[Extracted records]

┌──

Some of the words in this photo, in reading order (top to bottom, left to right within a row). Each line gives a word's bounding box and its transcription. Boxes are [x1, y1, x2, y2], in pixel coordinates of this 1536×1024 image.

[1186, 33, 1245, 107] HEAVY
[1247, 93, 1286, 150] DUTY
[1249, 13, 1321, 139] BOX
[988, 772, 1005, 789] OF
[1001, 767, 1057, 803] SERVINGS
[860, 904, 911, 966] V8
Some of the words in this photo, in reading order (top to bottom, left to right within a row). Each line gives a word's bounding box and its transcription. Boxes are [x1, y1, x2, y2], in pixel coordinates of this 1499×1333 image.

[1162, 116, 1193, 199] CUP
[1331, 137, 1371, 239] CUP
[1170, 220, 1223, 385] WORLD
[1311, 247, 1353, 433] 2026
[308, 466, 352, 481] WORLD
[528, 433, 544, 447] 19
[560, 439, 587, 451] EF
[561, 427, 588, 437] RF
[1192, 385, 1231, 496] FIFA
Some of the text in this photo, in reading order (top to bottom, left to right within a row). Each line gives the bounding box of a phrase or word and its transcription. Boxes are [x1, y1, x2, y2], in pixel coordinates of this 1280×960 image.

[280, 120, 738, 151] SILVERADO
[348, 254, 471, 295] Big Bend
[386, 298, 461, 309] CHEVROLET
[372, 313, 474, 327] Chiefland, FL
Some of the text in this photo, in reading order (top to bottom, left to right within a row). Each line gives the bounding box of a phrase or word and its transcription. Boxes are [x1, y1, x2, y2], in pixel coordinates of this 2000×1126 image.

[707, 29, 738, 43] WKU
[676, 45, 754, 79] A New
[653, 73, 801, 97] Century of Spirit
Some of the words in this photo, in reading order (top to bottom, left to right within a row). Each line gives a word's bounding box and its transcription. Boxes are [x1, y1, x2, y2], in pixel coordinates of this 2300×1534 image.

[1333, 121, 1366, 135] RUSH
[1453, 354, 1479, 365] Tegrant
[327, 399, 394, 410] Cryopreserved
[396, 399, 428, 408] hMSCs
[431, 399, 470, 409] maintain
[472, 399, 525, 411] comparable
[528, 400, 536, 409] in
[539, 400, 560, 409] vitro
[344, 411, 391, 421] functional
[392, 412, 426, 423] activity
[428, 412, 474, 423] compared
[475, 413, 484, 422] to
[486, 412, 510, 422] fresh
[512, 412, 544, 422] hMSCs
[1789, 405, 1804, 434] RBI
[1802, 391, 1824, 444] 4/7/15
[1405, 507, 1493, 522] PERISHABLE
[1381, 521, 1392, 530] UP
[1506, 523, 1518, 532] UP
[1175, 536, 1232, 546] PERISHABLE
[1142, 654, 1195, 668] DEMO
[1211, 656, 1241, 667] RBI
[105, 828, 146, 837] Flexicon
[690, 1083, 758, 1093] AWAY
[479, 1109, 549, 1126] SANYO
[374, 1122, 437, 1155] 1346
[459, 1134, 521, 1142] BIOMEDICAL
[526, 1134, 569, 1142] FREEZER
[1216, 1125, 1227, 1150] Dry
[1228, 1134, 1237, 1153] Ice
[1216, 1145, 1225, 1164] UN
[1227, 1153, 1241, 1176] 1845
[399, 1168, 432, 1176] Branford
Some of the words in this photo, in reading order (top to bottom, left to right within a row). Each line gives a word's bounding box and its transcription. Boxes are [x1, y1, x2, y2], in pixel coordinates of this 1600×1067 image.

└──

- About this exercise -
An exact copy of every entry above is the expected answer.

- Solution to the exercise -
Some of the words in this photo, in reading order (top to bottom, left to right within a row). Each line gives a word's bounding box and its transcription. Boxes are [x1, y1, x2, y2], in pixel coordinates of this 1536×1024 image.

[1186, 33, 1245, 107] HEAVY
[1247, 93, 1286, 150] DUTY
[1249, 13, 1321, 139] BOX
[988, 772, 1005, 789] OF
[1001, 767, 1057, 803] SERVINGS
[860, 904, 911, 966] V8
Some of the words in this photo, in reading order (top to bottom, left to right within a row). Each line gives a word's bounding box and its transcription. Boxes are [x1, y1, x2, y2], in pixel coordinates of this 1499×1333 image.

[1162, 116, 1193, 199] CUP
[1331, 137, 1371, 239] CUP
[1170, 220, 1223, 385] WORLD
[1311, 247, 1353, 433] 2026
[308, 466, 352, 481] WORLD
[528, 433, 544, 447] 19
[560, 439, 587, 451] EF
[561, 427, 588, 437] RF
[1192, 385, 1231, 496] FIFA
Some of the text in this photo, in reading order (top to bottom, left to right within a row). Each line gives the bounding box of a phrase or word and its transcription. Boxes are [x1, y1, x2, y2], in pixel coordinates of this 1280×960 image.

[280, 120, 738, 151] SILVERADO
[348, 254, 471, 295] Big Bend
[386, 298, 461, 309] CHEVROLET
[372, 313, 474, 327] Chiefland, FL
Some of the text in this photo, in reading order (top to bottom, left to right within a row). Each line gives the bounding box of a phrase or word and its transcription. Boxes are [x1, y1, x2, y2], in pixel coordinates of this 2000×1126 image.

[707, 29, 738, 43] WKU
[676, 45, 754, 79] A New
[653, 73, 801, 97] Century of Spirit
Some of the words in this photo, in reading order (top to bottom, left to right within a row). Each line gives a word's bounding box and its transcription. Boxes are [x1, y1, x2, y2], in pixel coordinates of this 2300×1534 image.

[1333, 121, 1366, 135] RUSH
[1453, 354, 1479, 365] Tegrant
[327, 399, 394, 410] Cryopreserved
[396, 399, 428, 408] hMSCs
[431, 399, 470, 409] maintain
[472, 399, 525, 411] comparable
[528, 400, 536, 409] in
[539, 400, 560, 409] vitro
[344, 411, 391, 421] functional
[392, 412, 426, 423] activity
[428, 412, 474, 423] compared
[475, 413, 484, 422] to
[486, 412, 510, 422] fresh
[512, 412, 544, 422] hMSCs
[1789, 405, 1804, 434] RBI
[1802, 391, 1824, 444] 4/7/15
[1405, 507, 1493, 522] PERISHABLE
[1381, 521, 1392, 530] UP
[1506, 523, 1518, 532] UP
[1175, 536, 1232, 546] PERISHABLE
[1142, 654, 1195, 668] DEMO
[1211, 656, 1241, 667] RBI
[105, 828, 146, 837] Flexicon
[690, 1083, 758, 1093] AWAY
[479, 1109, 549, 1126] SANYO
[374, 1122, 437, 1155] 1346
[459, 1134, 521, 1142] BIOMEDICAL
[526, 1134, 569, 1142] FREEZER
[1216, 1125, 1227, 1150] Dry
[1228, 1134, 1237, 1153] Ice
[1216, 1145, 1225, 1164] UN
[1227, 1153, 1241, 1176] 1845
[399, 1168, 432, 1176] Branford
Some of the words in this photo, in reading order (top to bottom, left to right within a row). Each line gives a word's bounding box and its transcription. Boxes are [x1, y1, x2, y2], in pixel coordinates of this 1600×1067 image.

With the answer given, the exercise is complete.